In a recent blog post on its website, the American Fuel and Petrochemical Manufacturers (AFPM) has stated that Renewable Fuel Standard (RFS) targets are based on outdated projections, not the US’ reality. The full blog post reads as follows:
Corn farmers and ethanol producers continue to claim small refinery exemptions have undermined the RFS — the federal law that requires increasing amounts of biofuels to be blended into the motor gasoline and diesel supply. The corn perspective is that it’s possible to blend at least 15 billion gal. of ethanol into the fuel supply this year and small refinery exemptions (SREs) are what’s getting in the way of that evasive target.
SREs are not the problem. EPA could mandate a full 15 billion gal. with zero SREs and the fuel supply would still only be able to accommodate about 14.3 billion gal. of ethanol.
The limiting factor for ethanol consumption is, and has always been, the blend wall — a term signifying the limit to how much ethanol the fuel supply can actually handle, based on fuel and vehicle infrastructure and consumer demand.
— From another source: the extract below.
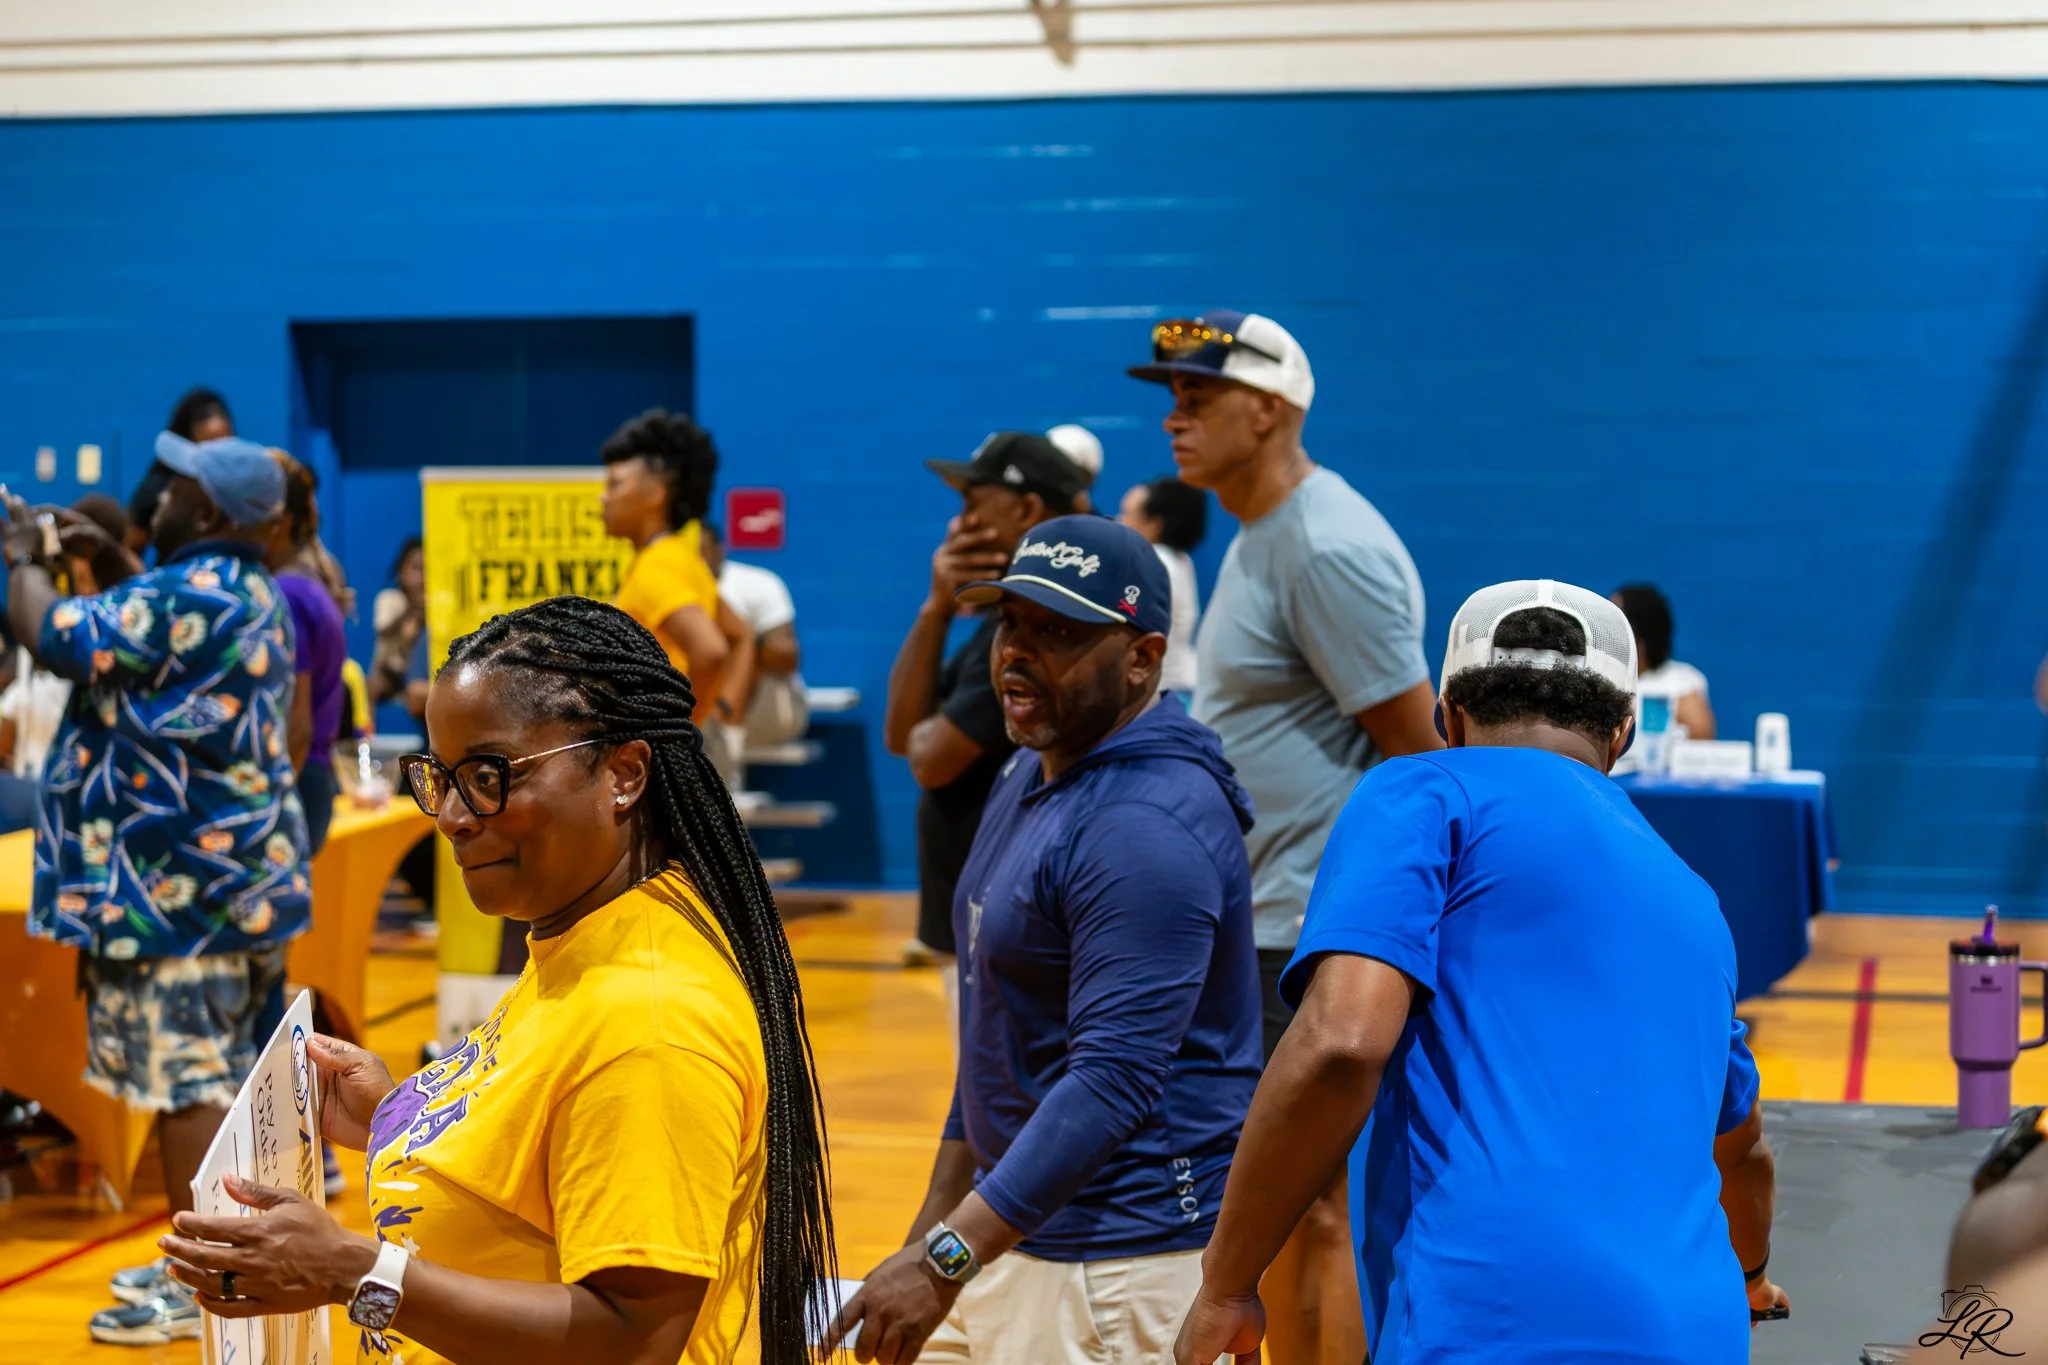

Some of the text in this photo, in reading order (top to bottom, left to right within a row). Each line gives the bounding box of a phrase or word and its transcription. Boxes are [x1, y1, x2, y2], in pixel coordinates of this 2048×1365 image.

[459, 492, 606, 551] TELIS
[265, 1068, 275, 1127] Pay
[257, 1086, 270, 1176] Order
The blend wall can change as infrastructure and demand change, but through the course of RFS it’s been roughly 10% of the motor gasoline supply. This makes sense given that roughly 95% of gas sold in the US is E10 (gasoline that is 10% ethanol), a fuel compatible with almost every car on the road.
The overarching problem with an RFS program that mandates more and more biofuel blending every year is that gasoline demand today is much lower than government projected 14 years ago. When the RFS was written, Congress thought the US would be consuming about 165 billion gal. of gasoline this year instead of the approximately 140 billion gal. we’ve actually used in recent years (which is even lower now due to COVID-19).
RFS volume targets in the 2007 law are based on projections that haven’t come to pass. If the US was consuming 160 billion gal. of gasoline, we would easily consume 15 billion gal. of conventional corn ethanol and likely more. But with today’s fuel consumption, there’s literally nowhere for extra ethanol to go once the blend wall is hit.
When those guiding projections are considered, it is clear Congress never intended RFS volume mandates to exceed the E10 blend wall.
Denying relief to small refineries and making the RFS mandate bigger through volume reallocation will not change the reality of the blend wall, grow the capacity of the fuel supply or inspire more consumers to buy E15 and flex fuels. That’s the hard truth about RFS volume reallocation. It’s not going to deliver a meaningful uptrend in ethanol consumption. It will lead to higher compliance costs and more imports of foreign biodiesel, neither of which support the aims of the RFS’s parent bill, the Energy Independence and Security Act of 2007.